Ego and the cheapness  are the best motivators for weight loss.

I’ve Started Stuttering, I Mean I Don’t Mean To Repeat Myself

I have identified a new language phenomenon that is sweeping the nation.

I mean, I’ve noticed that a lot of people – myself included – have started adding superfluous words when they talk. I mean, it’s not really a big deal since, like, most teenagers already have, like, you know, been adding meaningless words to their conversation for a couple of decades, dude, you know.

But, I mean, I’ve heard this superfluous phrase coming from people who would choke on the “like” or “you know” if it entered their conversation.

For example, in discussion String Theory on Nova… PBS fer chrissakes!

NOVA: Have you ever had doubts about string theory?

Greene: All the time! I mean, it is a very strange research career, in a way. So far I’ve spent something like 17 years working on a theory for which there is essentially no direct experimental support. It’s a very precarious way to live and to work.

Warren Buffet:
BUFFETT: I feel better. I mean, I love that investment because we have $5 billion in a preferred paying us 10 percent.

Greta Van Sustern used it nine times in her interview with Maverick:

What is your — meaning the federal government’s — problem? I mean, what don’t you get about it? You tell us, but you don’t do anything!

As usual, it’s the jocks that sprinkle this into their conversations most often, using “I mean” instead of saying Um, they are now saying “I mean…”

I’m not one of those who would choke if I misuse the language, I do it all the time. I mean, I am now aware of this one misuse and it’s starting to irritate the hell out of me. I mean, especially when I use it. I can’t control how others talk. I mean, I can only be aware of how I misuse the language and try to change.

You know, I mean, I’m talking, finish my thought, but don’t want to stop running my mouth, so I say, “I mean…” and say basically the same damn thing again!

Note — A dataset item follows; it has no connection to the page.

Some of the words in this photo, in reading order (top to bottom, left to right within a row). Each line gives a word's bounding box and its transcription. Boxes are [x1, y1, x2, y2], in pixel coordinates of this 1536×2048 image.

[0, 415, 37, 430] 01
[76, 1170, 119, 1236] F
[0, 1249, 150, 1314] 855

Or, (and this happens a lot with pundits) they will make their point and add “I mean” just to work in another sound bite.

I’m not talking about tautologies and pleonasms.

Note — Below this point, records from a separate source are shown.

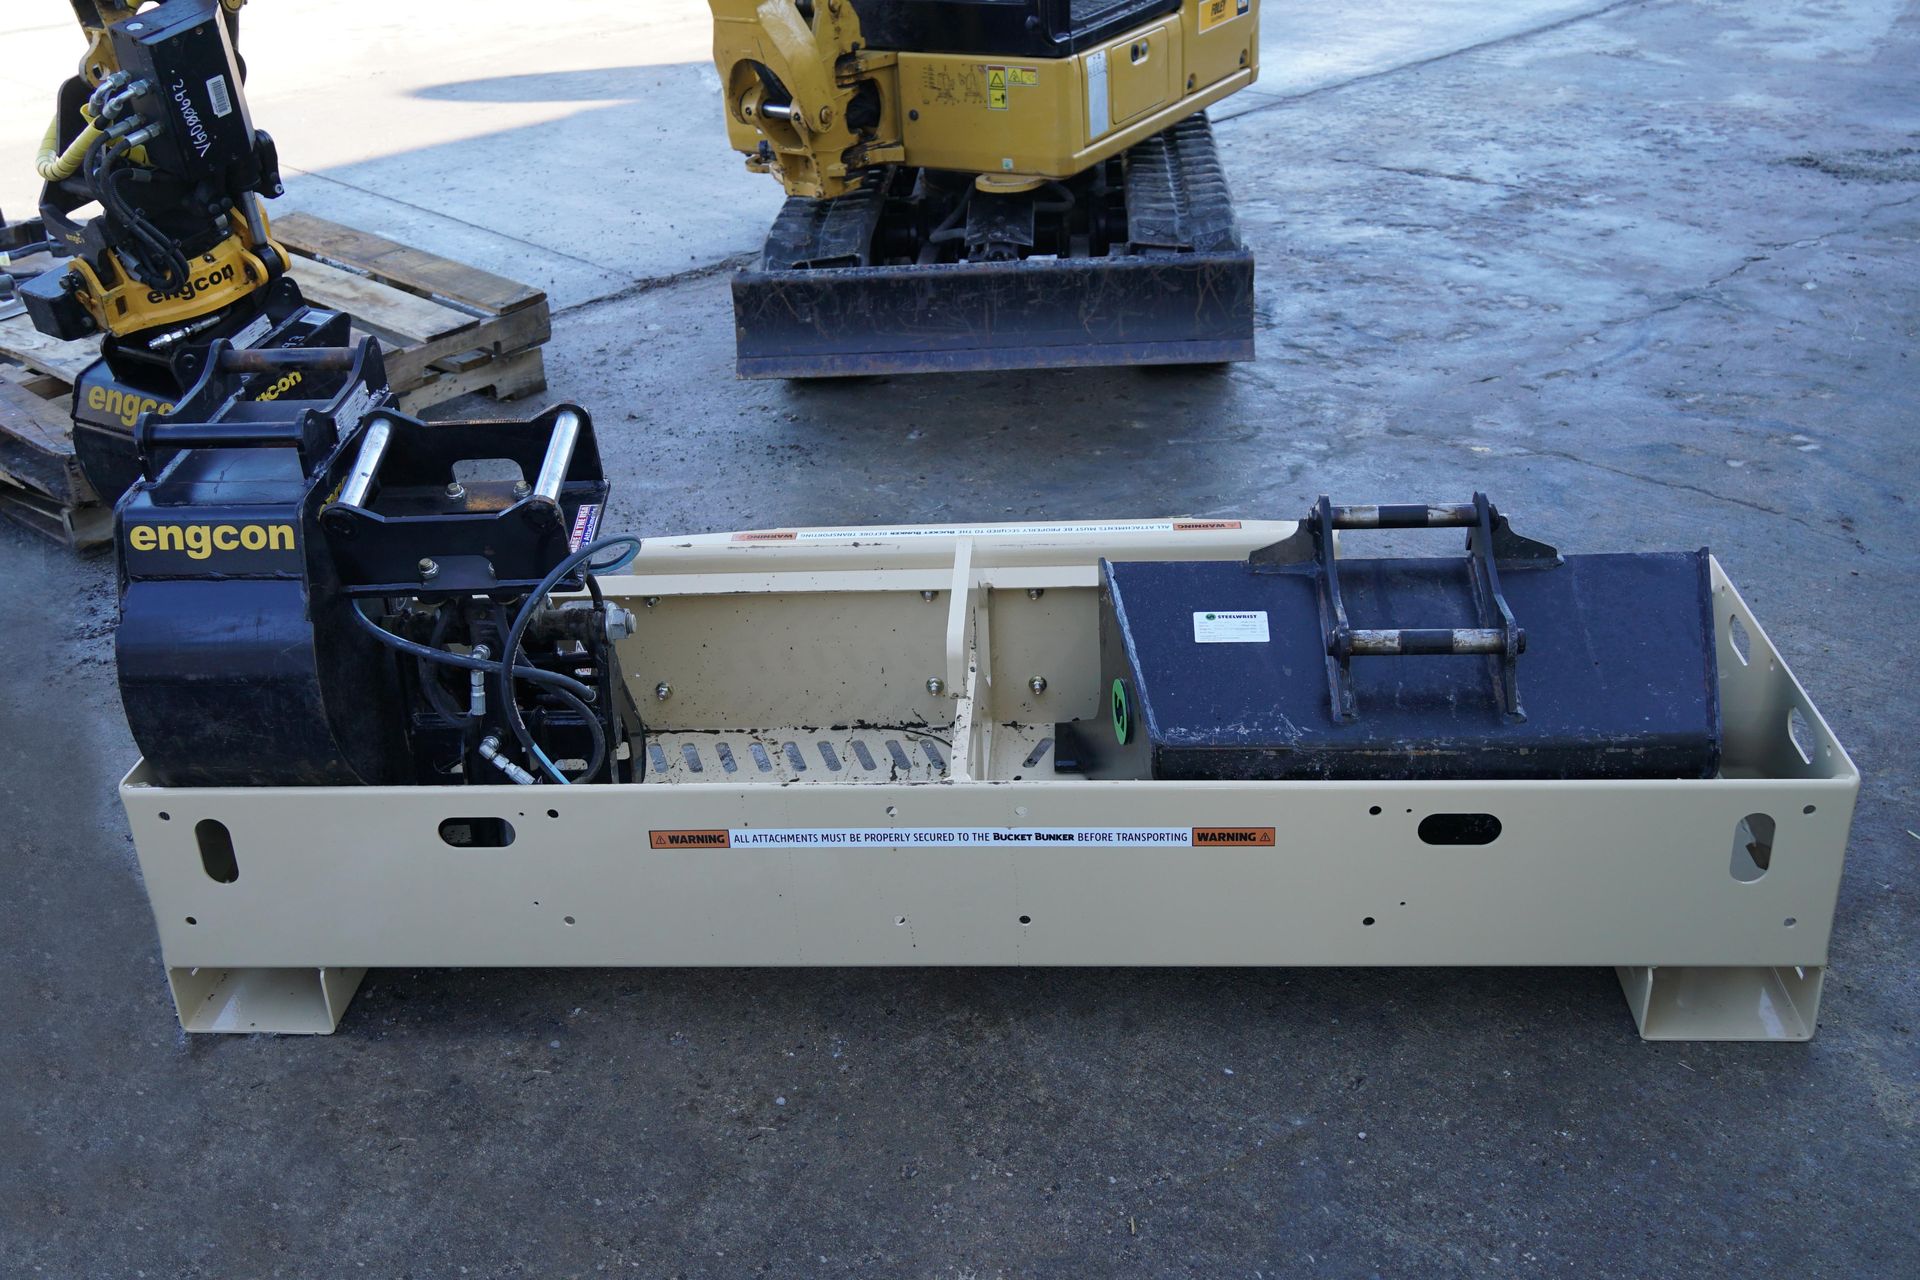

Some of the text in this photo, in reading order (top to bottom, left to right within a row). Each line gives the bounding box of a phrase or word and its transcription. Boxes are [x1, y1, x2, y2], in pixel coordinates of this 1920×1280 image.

[147, 264, 234, 304] engcon
[256, 371, 302, 401] con
[89, 386, 175, 427] engc
[129, 524, 296, 560] engcon
[668, 834, 726, 844] WARNING
[734, 834, 750, 844] ALL
[752, 834, 819, 844] ATTACHMENTS
[821, 833, 846, 843] MUST
[850, 832, 862, 842] BE
[864, 832, 910, 842] PROPERLY
[914, 832, 954, 842] SECURED
[957, 832, 970, 842] TO
[972, 832, 990, 842] THE
[1078, 832, 1113, 842] BEFORE
[1116, 832, 1188, 842] TRANSPORTING
[1197, 832, 1256, 842] WARNING

I don’t know what these words (“like”, “you know”, “I mean”) are called as a group. I mean I’m not sure if they have such a descriptive term like tautology or pleonasm. I have consulted Language Boy to see what he has to say.

He may email me, in which case I will update, or he may comment. I mean I’ll be sure to report back to you so that, like, you know, you can work this new definition into your conversation. I will be dropping tautologistic and pleonastic into the conversation at LeClub la Pony later today.

  • Boy, that horse sure can run speedy fast.
  • Take a look-see at the gigantic big hat on that diminutive tiny short dwarf midget jockey.
  • Is this the same sloppy mud they use at the spa?
  • Make my julep an extra large double grande, but hold the ice and the syrup and mint leaves.
  • I had advance warning this thoroughbred race horse would cross the finish line first and win.

Know whut I mean, Vern?

Don’t confuse, “I mean” with “know what I mean?” That’s was a cultural touchstone for us boomers.

I mean, if this group of meaningless words has no etymology what are your suggestion? Know whut I mean?

UPDATE: Here’s what Language-Boy responded:

We used to call those interjections, but now they’re referred to as filler words.